A good friend calls this the "Exhibitors' Day". With the end of the show in sight, and a lot of retailers completely burnt out after two long days at the show, the vendors start to wind down. They finally get a chance to wander around, to look at the stuff out there that they've only heard of, yet never seen, just because they haven't had the chance to get out of their booth. Hence it's the Exhibitors' Day.

Too, with the light "retail" load, many vendors have extra time, they are looking to dump their extra goods, and they'll start packing up a couple hours before the end of the show. It's prime time for schwag pickin's.

After the very long day yesterday, the dismal race, and long ride afterwards, we woke up pretty late, still bleary-eyed. I started to write the preliminary stuff for the prior post, then remembered, that, oh, hey, I don't have any digital media here - it's all in my laptop, all at my friend's at the Palazzo. So although I have two laptops, I can't lug the second one around just to move a few dozen bytes of data.

We did have our cameras though, so I used the card from one of those to save my prelim post. Luckily I didn't corrupt any image data so the show pictures and videos were safe.

The missus and I got ready to go, but I padded around in my socks for a bit before finishing up the rest of the post. I sat on the bed, looked down at my socks, and said, more to myself than anything else, "Shoes would be good." I looked around.

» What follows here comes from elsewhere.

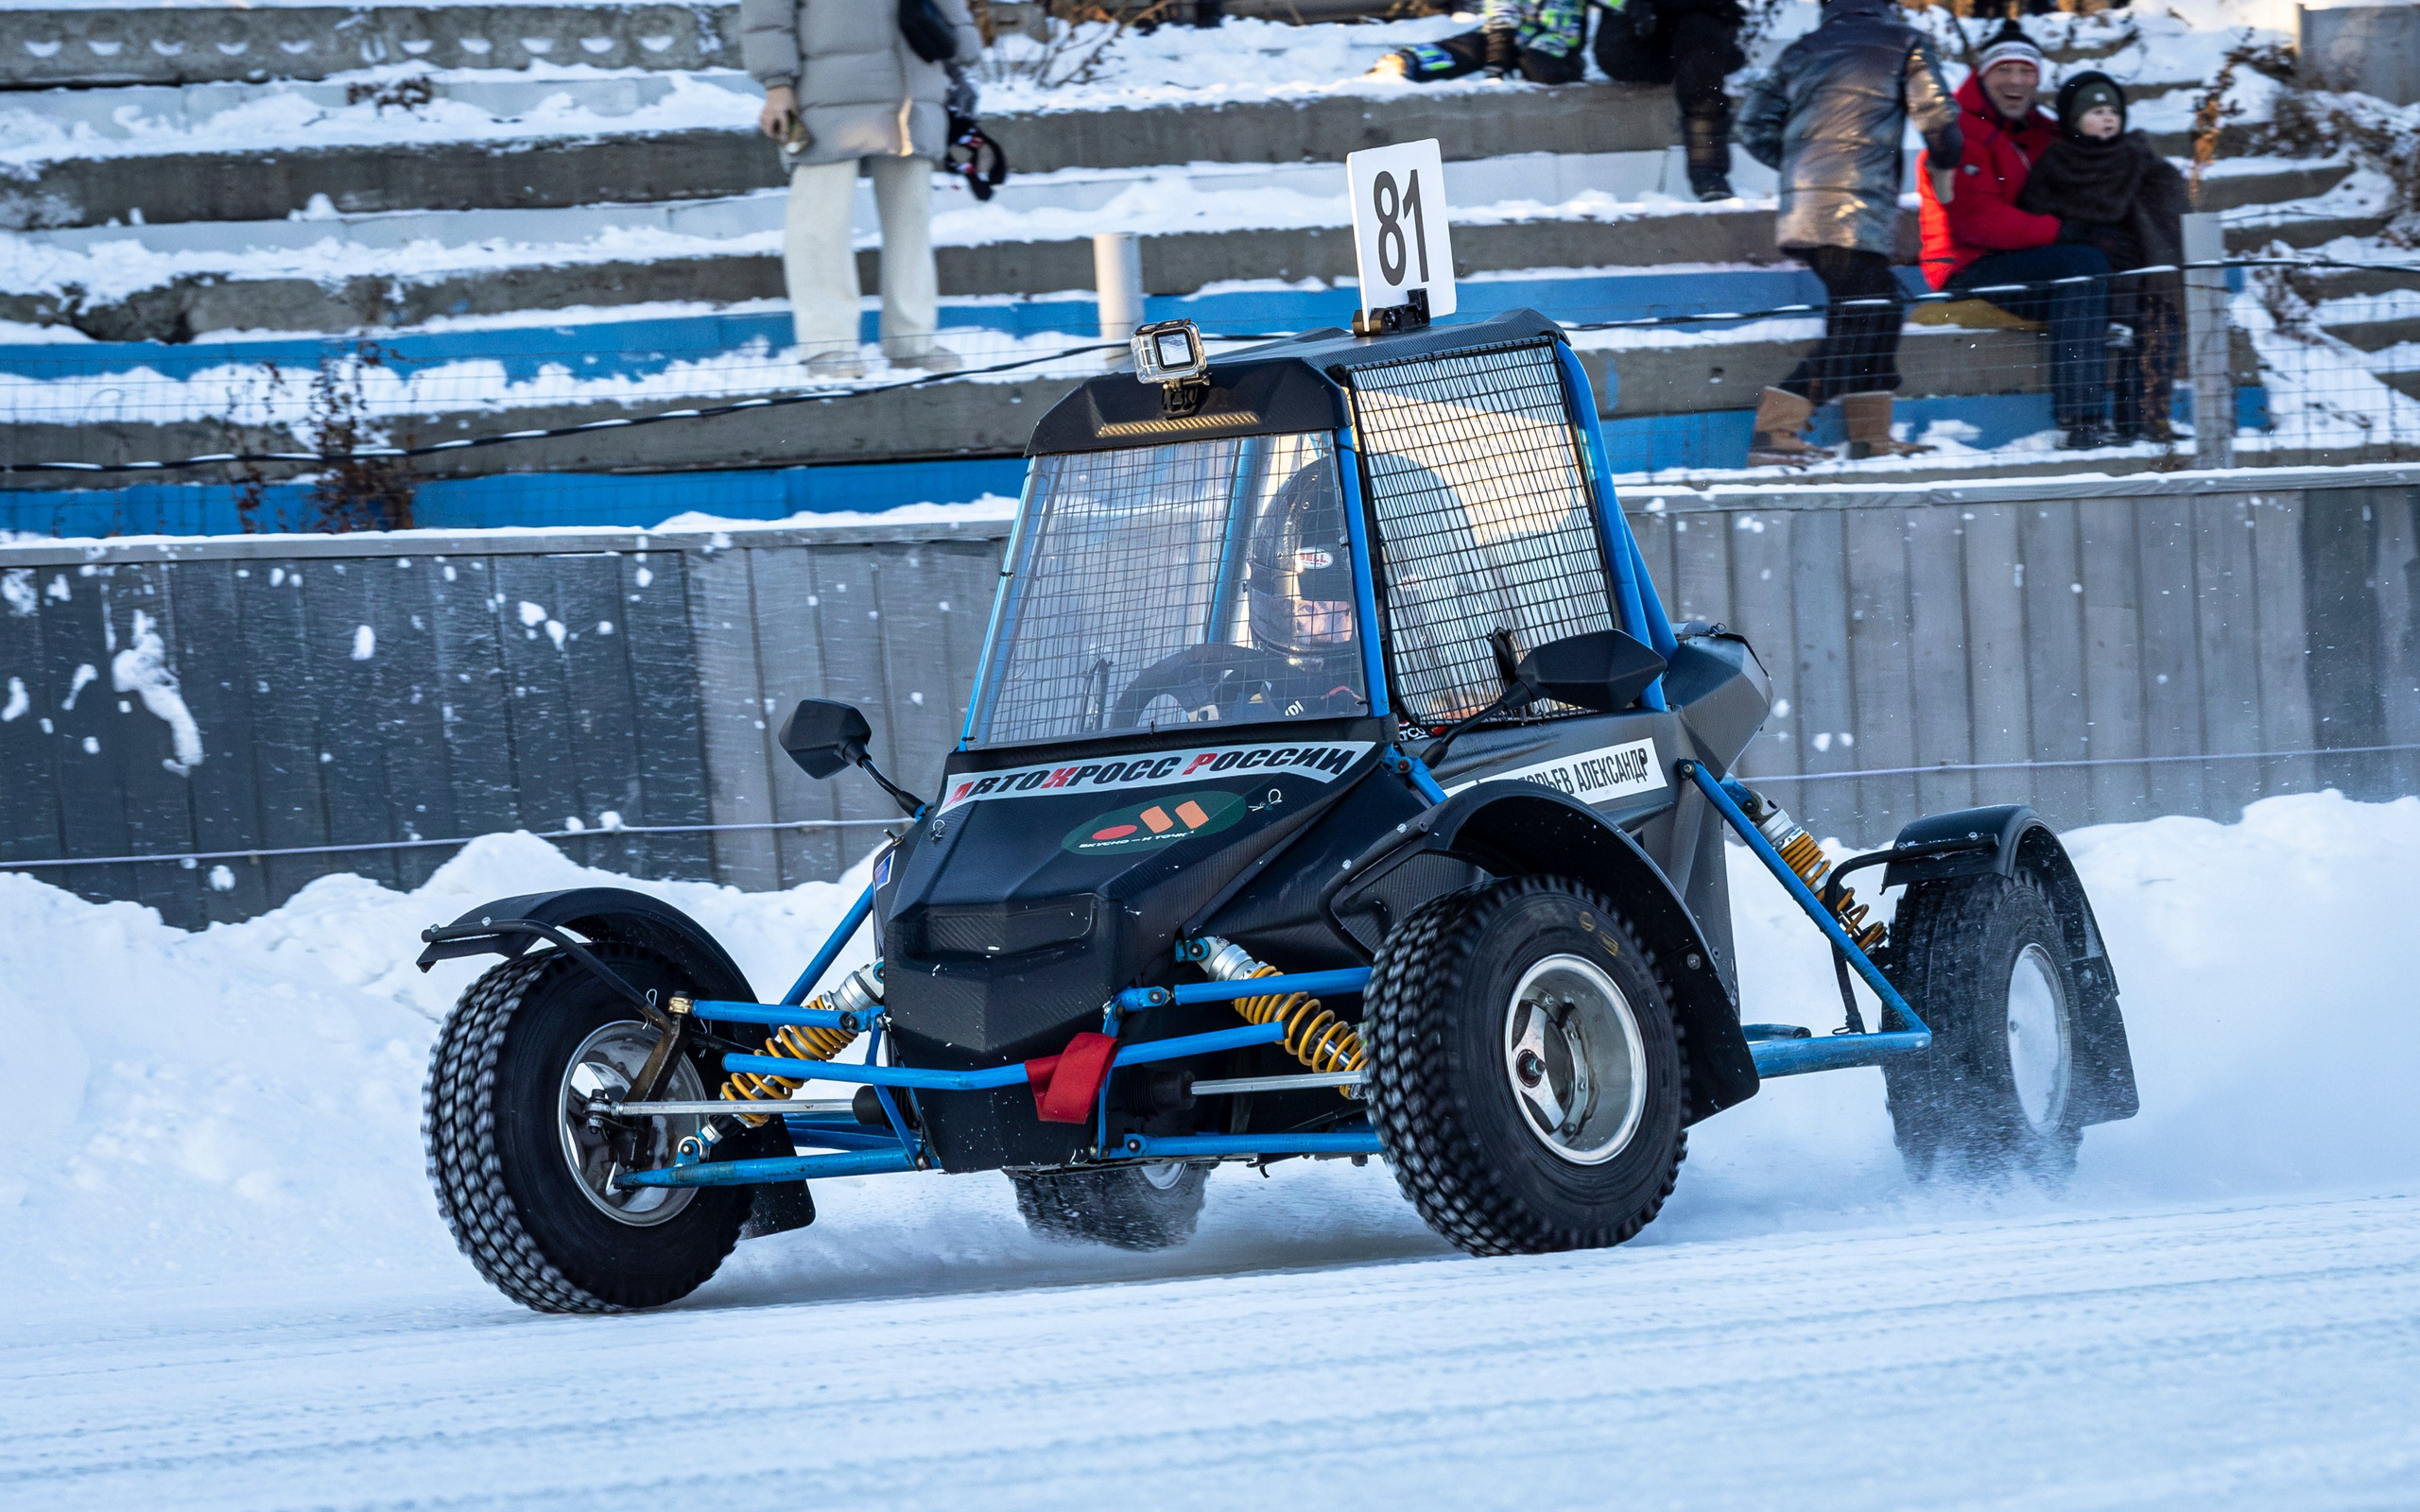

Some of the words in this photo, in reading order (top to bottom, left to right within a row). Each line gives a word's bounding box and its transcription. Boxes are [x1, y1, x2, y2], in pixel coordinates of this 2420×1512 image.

My stomach sank a bit. My shoes were in my backpack. In the Palazzo.

So, like any other guy in Vegas, I left the hotel room in my socks, carrying my Sidis in case I had to put them on. You know, "No shoes, no shirt, no service", stuff like that. As we waited for the Deuce I snapped the following picture.

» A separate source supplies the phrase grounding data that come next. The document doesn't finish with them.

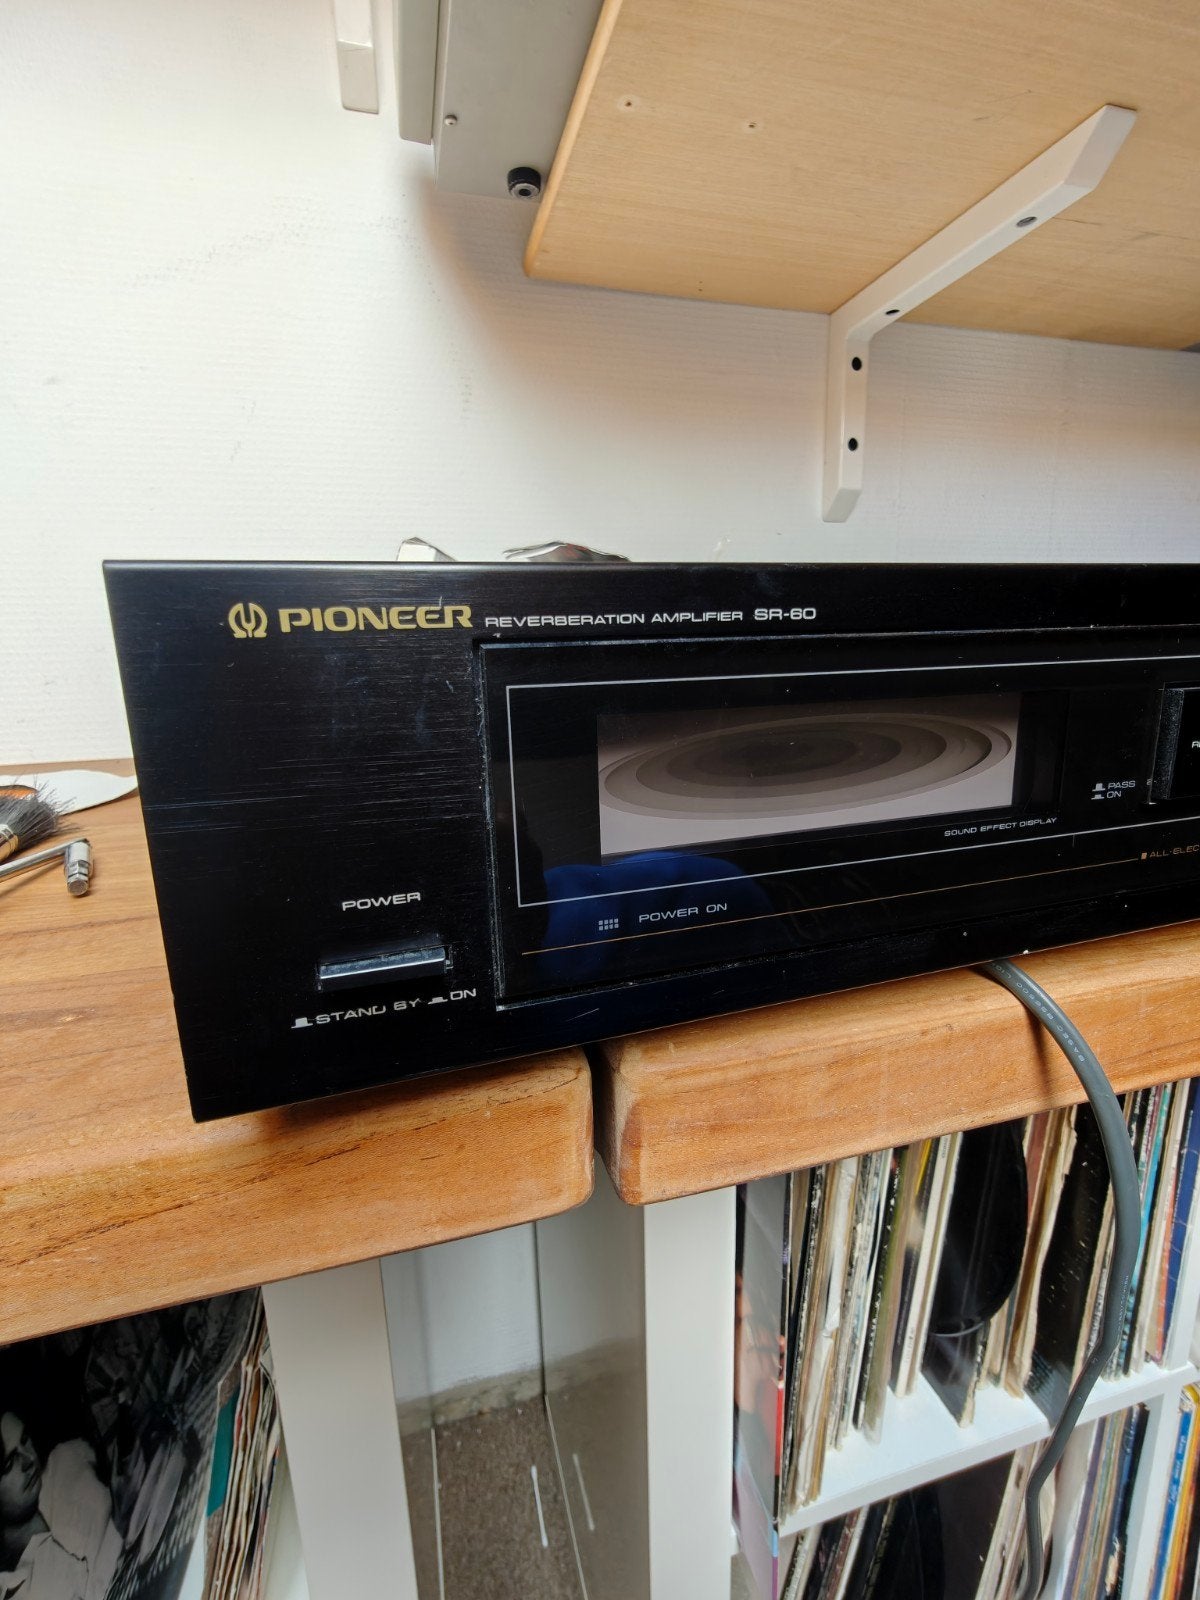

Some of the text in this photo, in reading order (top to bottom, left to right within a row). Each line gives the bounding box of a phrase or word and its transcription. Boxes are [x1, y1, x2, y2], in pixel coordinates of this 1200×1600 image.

[278, 604, 474, 634] PIONEER
[484, 607, 818, 628] REVERBERATION AMPLIFIER SR-60
[1106, 790, 1122, 799] ON
[1107, 780, 1136, 790] PASS
[944, 817, 1057, 837] SOUND EFFECT DISPLAY
[341, 891, 421, 912] POWER
[638, 902, 728, 924] POWER ON
[314, 988, 478, 1025] STAND BY ON

Walkin' in LV, walkin' in LV. This is a block from Fremont Street.

I didn't do as many miles in my Sidis at this guy did.

Nor this guy. Very cool little display at Sidi.

Red is the new yellow.

Since red doesn't do TV very well (a Winning Magazine photog guy told me this, but that was before HD and stuff), I figure we'll see a new color soon. I say Green, like Liquigas green, or Orange, like Euskatel. Blue is out, pink will be too hard to sell, but bright colors will work as Crocs have proven.

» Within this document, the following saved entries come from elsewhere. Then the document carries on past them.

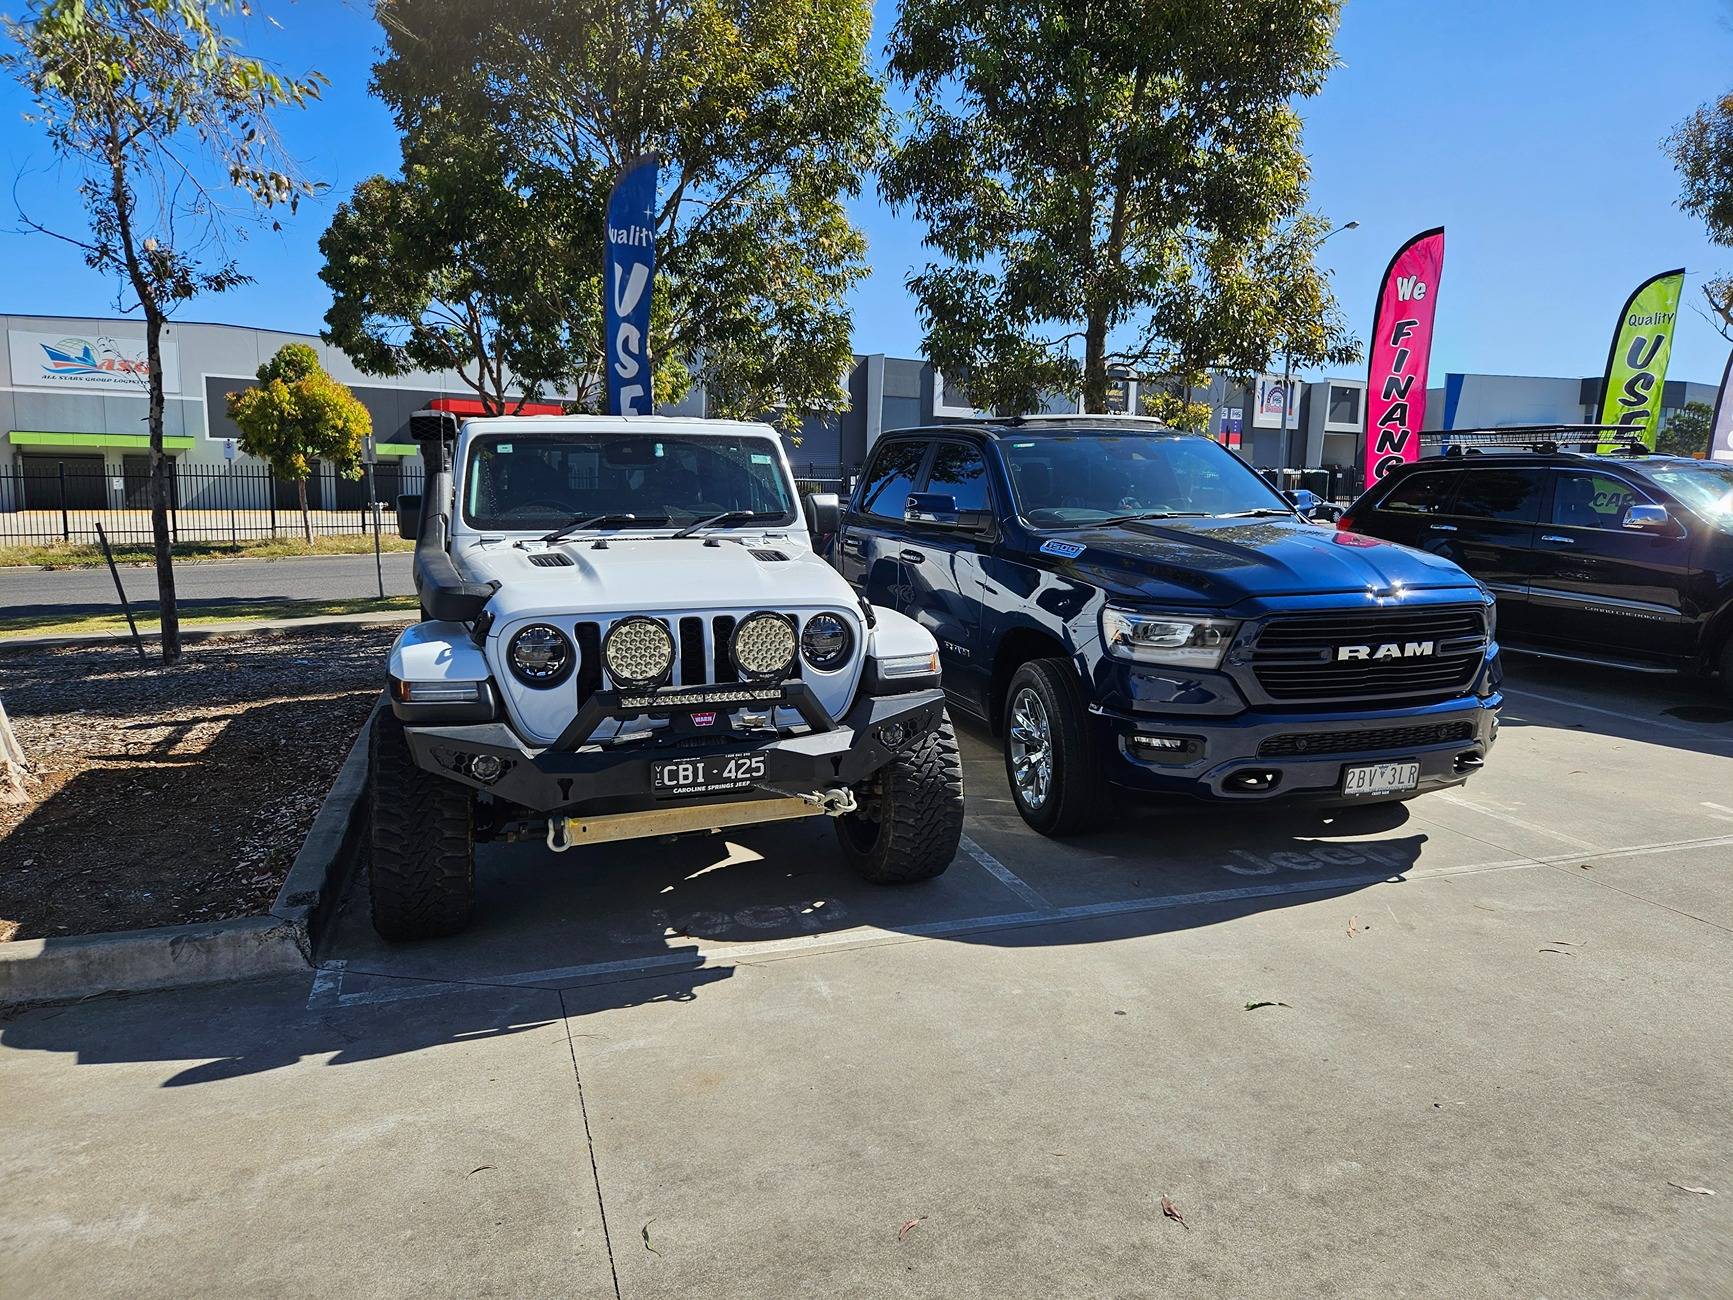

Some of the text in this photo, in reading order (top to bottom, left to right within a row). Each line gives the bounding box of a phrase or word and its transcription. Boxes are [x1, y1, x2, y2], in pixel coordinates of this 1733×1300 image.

[608, 223, 653, 248] ualit
[1396, 275, 1427, 301] We
[1628, 312, 1675, 327] Quality
[1337, 641, 1434, 661] RAM
[663, 756, 765, 786] CBI 425
[1346, 768, 1378, 790] 2BV
[1388, 765, 1418, 786] 3LR
[672, 780, 751, 794] CAROLINE SPRINGS JEEP
[1222, 844, 1409, 876] Jeep

Anyway, back to our trip... I made it to the bus before someone (the driver) asked me to put my shoes on. I took them off after I clopped up the stairs and sat down in the upper deck. The missus and I shared stories of our separate trips home last night, and when we got to Treasure Island, we hopped off the bus.

A few minutes later, after flashing the "Get in free" card to the guard, we got to our "storage room" in the Palazzo. I felt like one of the Irish brothers in Boondock Saints, one of the 'bestest' movies in the world, but one that all my friends ridicule. Feeling like soldiers going into battle, we carefully picked and chose what we'd bring. Cameras, yes. Laptop, with internet wireless broadband modem, yes. IB badges, yes. Poster tube, yes.

And, of course, shoes. The rubber soled kind, not the cleated ones.

We left behind all our schwag, books, DVDs, helmet cam stuff, my clothes from yesterday. Back downstairs at IB, we hung out in the media center for a while. I finished up the post and posted it, and the missus started talking with the guy Butch. He asked if I'd done the Industry Cup, showed me a clip of a crash there, then lamented that his batteries died right after that crash. I couldn't tell him much, my extremely short race not worth too many tales.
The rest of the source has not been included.